The tax legislation of 1964 was one of three major across-the-board income-tax cuts in the 20th century. The others took place in the 1920s, during the Warren Harding and Calvin Coolidge administrations, and in 1981 and 1986 during the Ronald Reagan administration. After the Tax Reform Act of 1986, the top marginal rate was all of 28%. Today it is 39.6%.
The 1920s, ’60s and ’80s were three of America’s greatest decades of economic growth. Without them, growth since the inauguration of the income tax in 1913 averages less than 3% per year. Each of the tax-cut decades saw at least seven years of growth of 4%-5%, along with advances in entrepreneurship, employment, living standards and wealth. We would hardly speak of an “American century” if not for the economic expansions that came with these three historic tax cuts.
Today tax cuts are associated with the Republican Party. Yet half a century ago, it was the Democratic President Kennedy who said in his Dec. 14, 1962, address to the Economic Club of New York: “Our practical choice is not between a tax-cut deficit and a budgetary surplus. It is between two kinds of deficits: a chronic deficit of inertia, as the unwanted result of inadequate revenues and a restricted economy; or a temporary deficit of transition, resulting from a tax cut designed to boost the economy, increase tax revenues, and achieve — and I believe this can be done — a budget surplus. The first type of deficit is a sign of waste and weakness; the second reflects an investment in the future.”

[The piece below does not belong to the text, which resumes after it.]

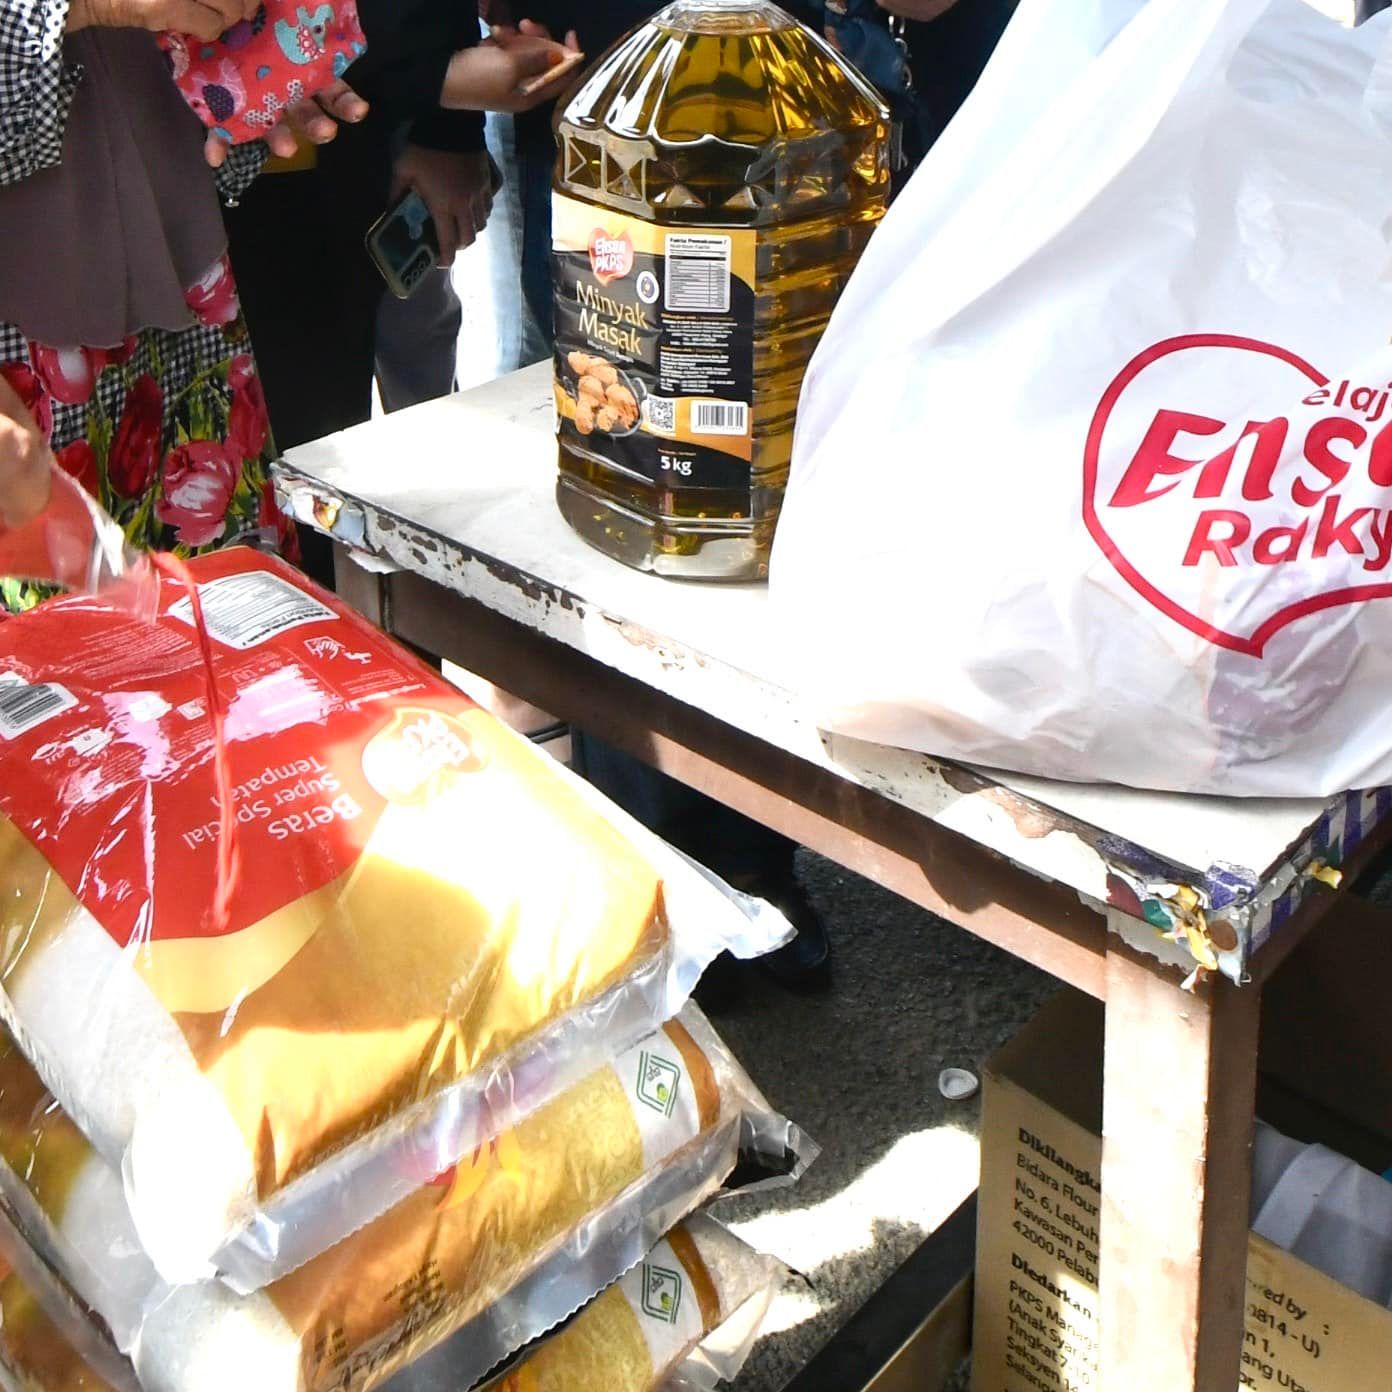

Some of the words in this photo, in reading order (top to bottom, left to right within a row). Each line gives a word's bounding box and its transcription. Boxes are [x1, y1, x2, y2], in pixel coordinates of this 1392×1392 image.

When JFK’s tax legislation came before Congress, Democrats in the House voted for it 223-29 and in the Senate 56-11, while Republicans voted against it in the House 48-126 and for it in the Senate 21-10. The GOP candidate for president in 1964, Arizona Sen. Barry Goldwater, voted against.
And after jacking up tax rates during World War I, the Democratic Woodrow Wilson administration proposed the tax cuts that came to pass under the guidance of Republican Treasury Secretary Andrew Mellon in the 1920s. Stretching back into the 19th century, it had consistently been Democrats who had been in favor of tax reductions — and Republicans who had been in favor of high rates.